Kenya Law Gets Punitive on Borrowers who Accept High Interest Loans

Old Ksh 1000 demonetized

Despite banks withholding credit to the private sector, the Central Bank of Kenya (CBK) has retained its benchmark lending rate at 9.0 percent for the seventh time in a row. According to the Monetary Policy Committee, this interest cap has been maintained in an environment where inflation expectations were within the target range and the economy was operating close to its potential.

Bankers have decried the move saying the interest cap limits commercial lending rates set at 13 percent which is four percentage points above the benchmark forcing them to cut back on loans to high-risk groups. All too often these commercial institutions get punished for breaching the interest cap set by CBK, but a new proposed bill seeks to bring justice to all parties involved.

“As it stands, the penal provision under subsection (3) is couched in discriminatory terms as it applies only to banks and financial institutions yet the legal obligation is aimed at both the bank/financial institution and the borrower/customer… amendment) is therefore necessary as it seeks to create a penal provision that is not discriminatory,” read a memo attached to the Bill sponsored by Jude Njomo, the legislator who introduced the cap law.

Borrowers will be fined up to Sh1 million or jailed for a maximum term of one year if found to have accepted loans above the 9% interest cap if Parliament adopts a bill that seeks to entrench legal limits on lending rates.

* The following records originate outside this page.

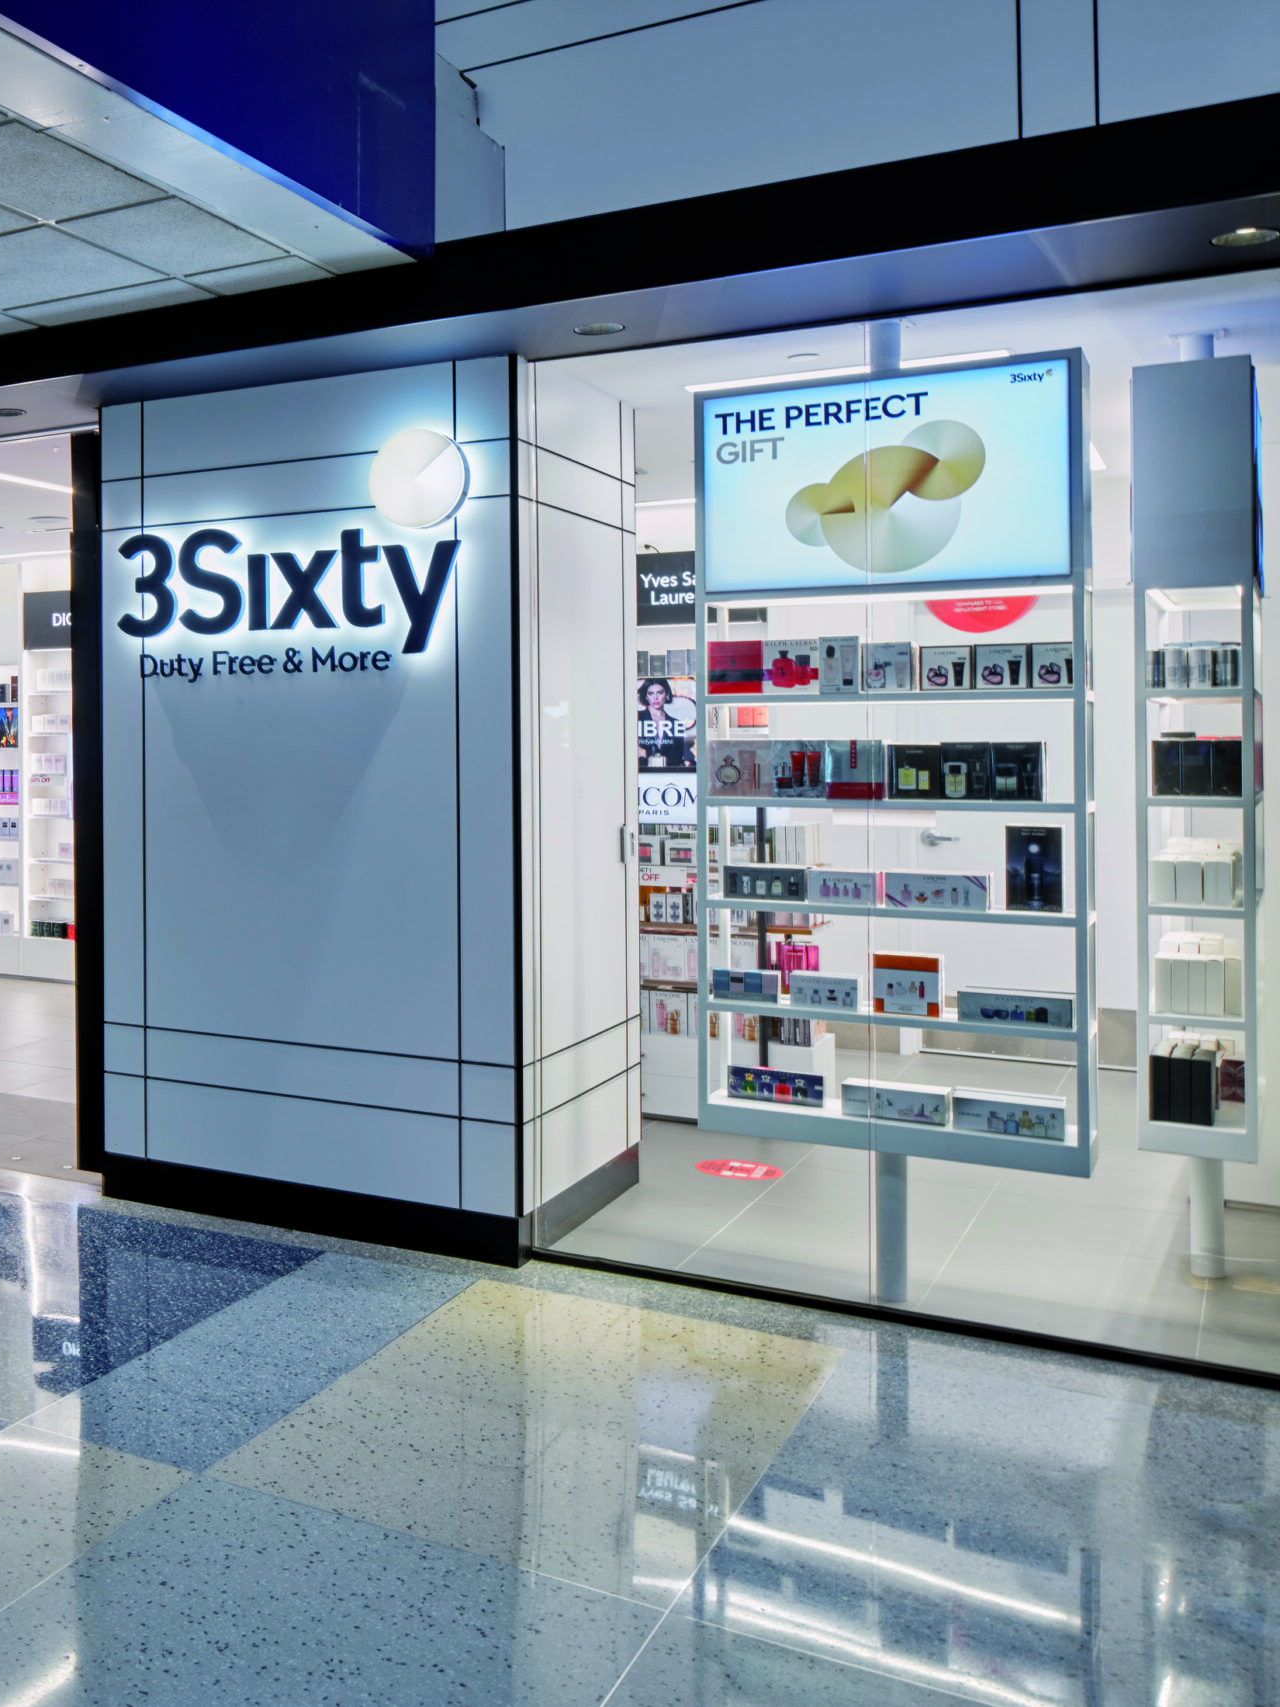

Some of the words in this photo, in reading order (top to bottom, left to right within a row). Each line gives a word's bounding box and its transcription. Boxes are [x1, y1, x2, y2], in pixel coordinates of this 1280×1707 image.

[1010, 371, 1045, 384] 3Sixty
[715, 407, 776, 435] THE
[784, 391, 929, 429] PERFECT
[716, 436, 785, 465] GIFT
[116, 528, 462, 654] 3Sixty
[640, 573, 678, 588] Yves
[139, 653, 204, 684] Duty
[212, 650, 277, 676] Free
[282, 647, 303, 673] &
[311, 645, 392, 672] More
[641, 873, 660, 881] OFF
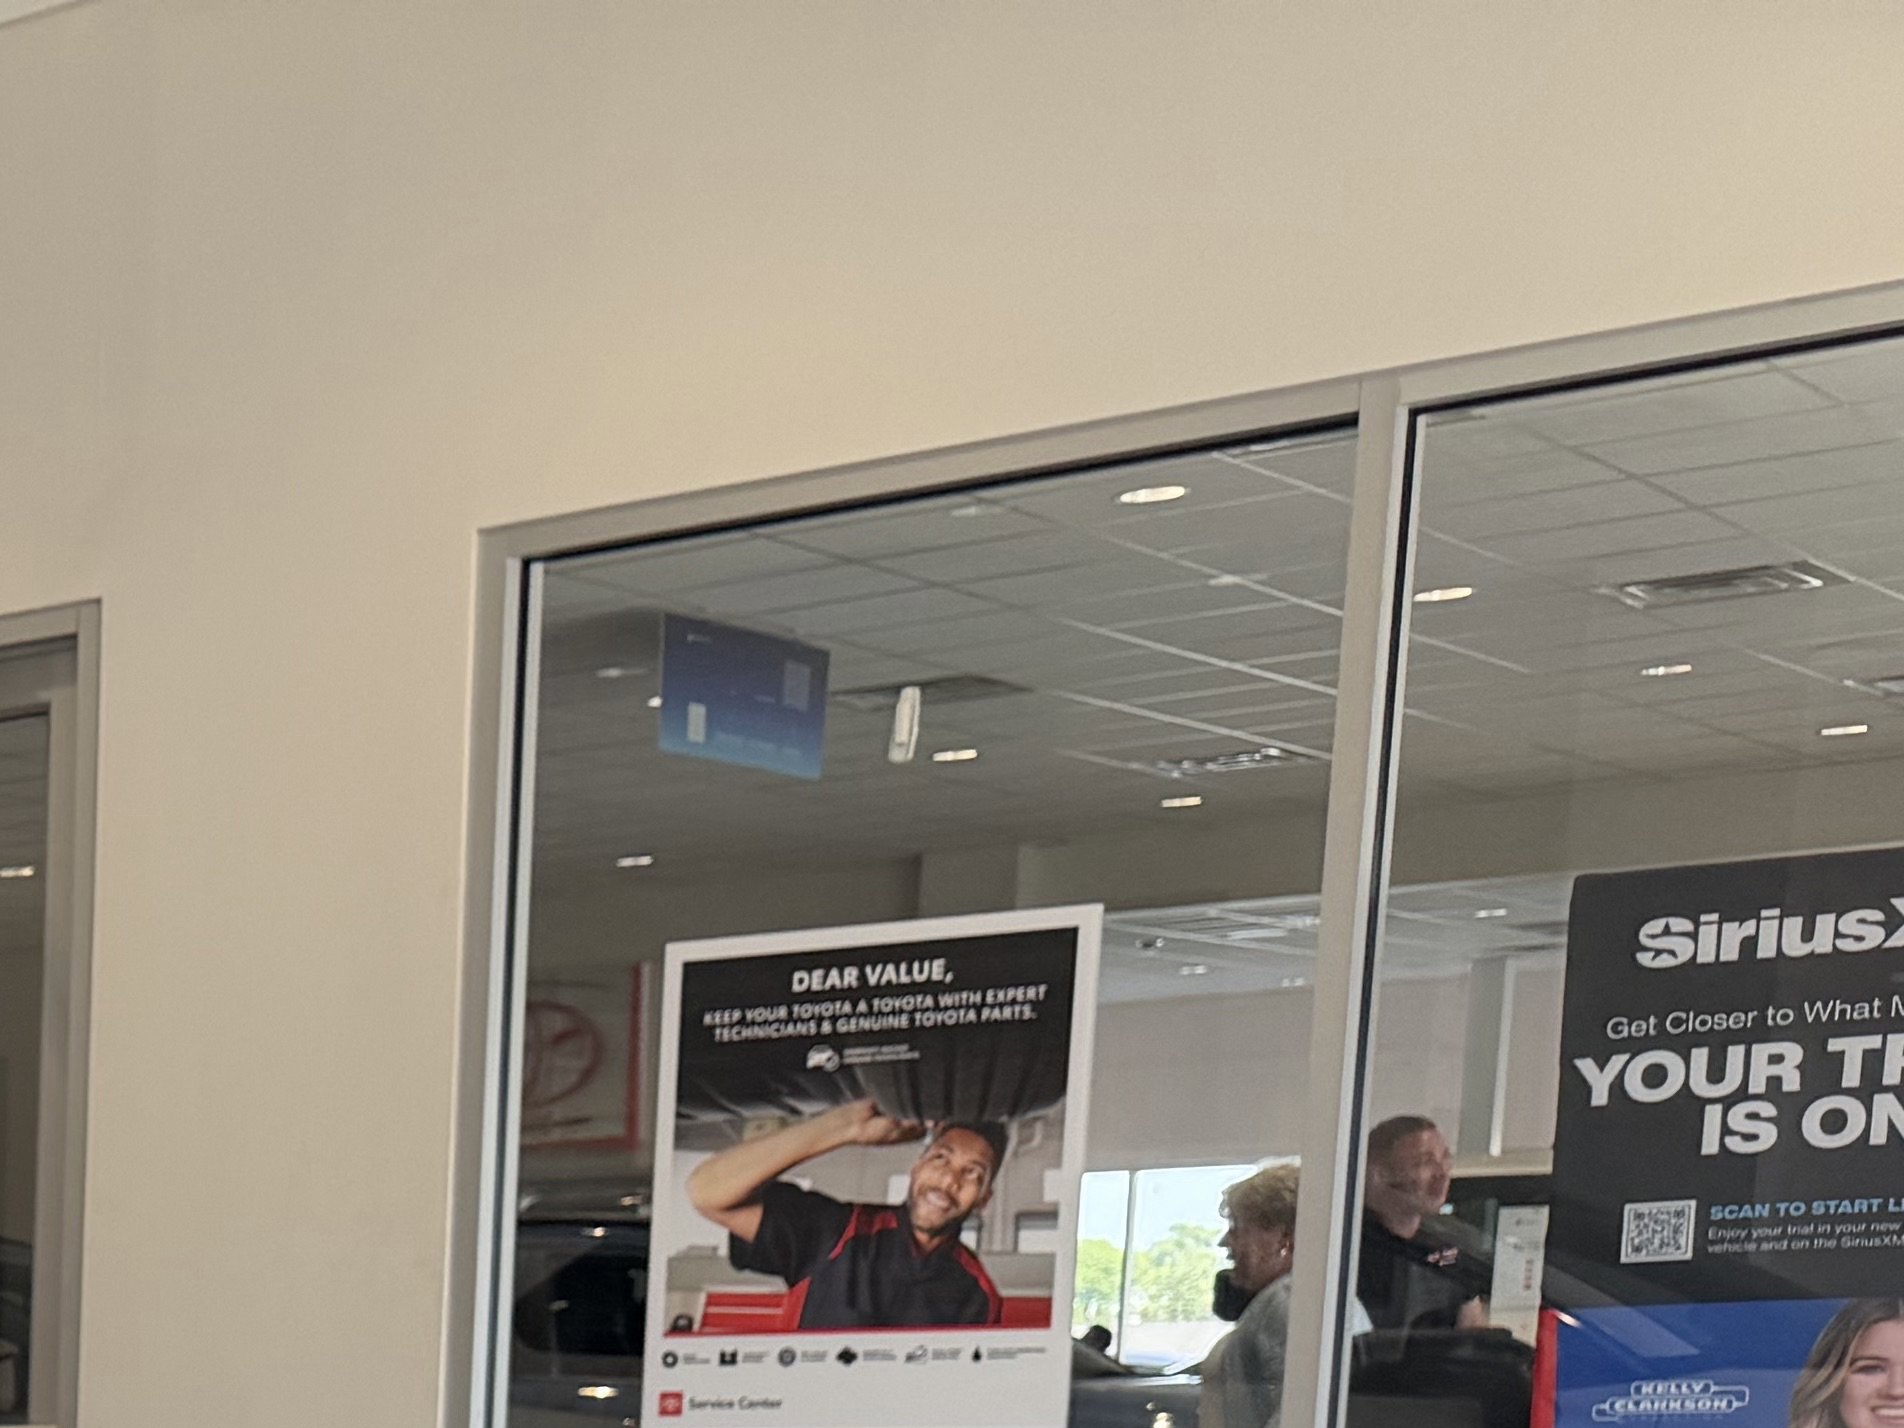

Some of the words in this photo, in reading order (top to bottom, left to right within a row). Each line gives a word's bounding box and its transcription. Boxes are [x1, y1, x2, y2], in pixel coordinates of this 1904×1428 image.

[792, 968, 859, 992] DEAR
[865, 957, 954, 987] VALUE,
[703, 1009, 741, 1027] KEEP
[745, 1005, 788, 1022] YOUR
[792, 1001, 852, 1020] TOYOTA
[856, 1001, 868, 1015] A
[872, 995, 934, 1014] TOYOTA
[938, 991, 981, 1008] WITH
[986, 984, 1047, 1005] EXPERT
[1607, 1014, 1658, 1041] Get
[1666, 1010, 1757, 1034] Closer
[1767, 1006, 1794, 1026] to
[1804, 997, 1882, 1025] What
[715, 1020, 817, 1042] TECHNICIANS
[836, 1014, 909, 1033] GENUINE
[914, 1009, 978, 1028] TOYOTA
[981, 1005, 1037, 1023] PARTS.
[1573, 1041, 1804, 1107] YOUR
[1700, 1100, 1778, 1156] IS
[1710, 1202, 1770, 1221] SCAN
[1776, 1201, 1806, 1217] TO
[1811, 1198, 1883, 1215] START
[1708, 1225, 1748, 1242] Enjoy
[1751, 1227, 1784, 1240] your
[1788, 1223, 1814, 1236] trial
[1818, 1223, 1831, 1234] in
[1835, 1223, 1867, 1236] your
[1871, 1221, 1901, 1232] new
[1760, 1238, 1788, 1251] and
[1791, 1239, 1810, 1250] on
[1813, 1236, 1837, 1249] the
[1614, 1398, 1728, 1413] CLARKSON
[1641, 1381, 1706, 1396] KELLY

CBK said that the Private-sector credit expanded by 5.2 percent in the year to April, well below the ideal growth rate of 12 percent to 15 percent. Last year, an attempt to remove the interest cap, so banks could keep off lending to customers they considered too risky was rejected by the lawmakers. The new bill published July 5 was an attempt to reinforce the rate cap and make it constitutional in line with a High Court order.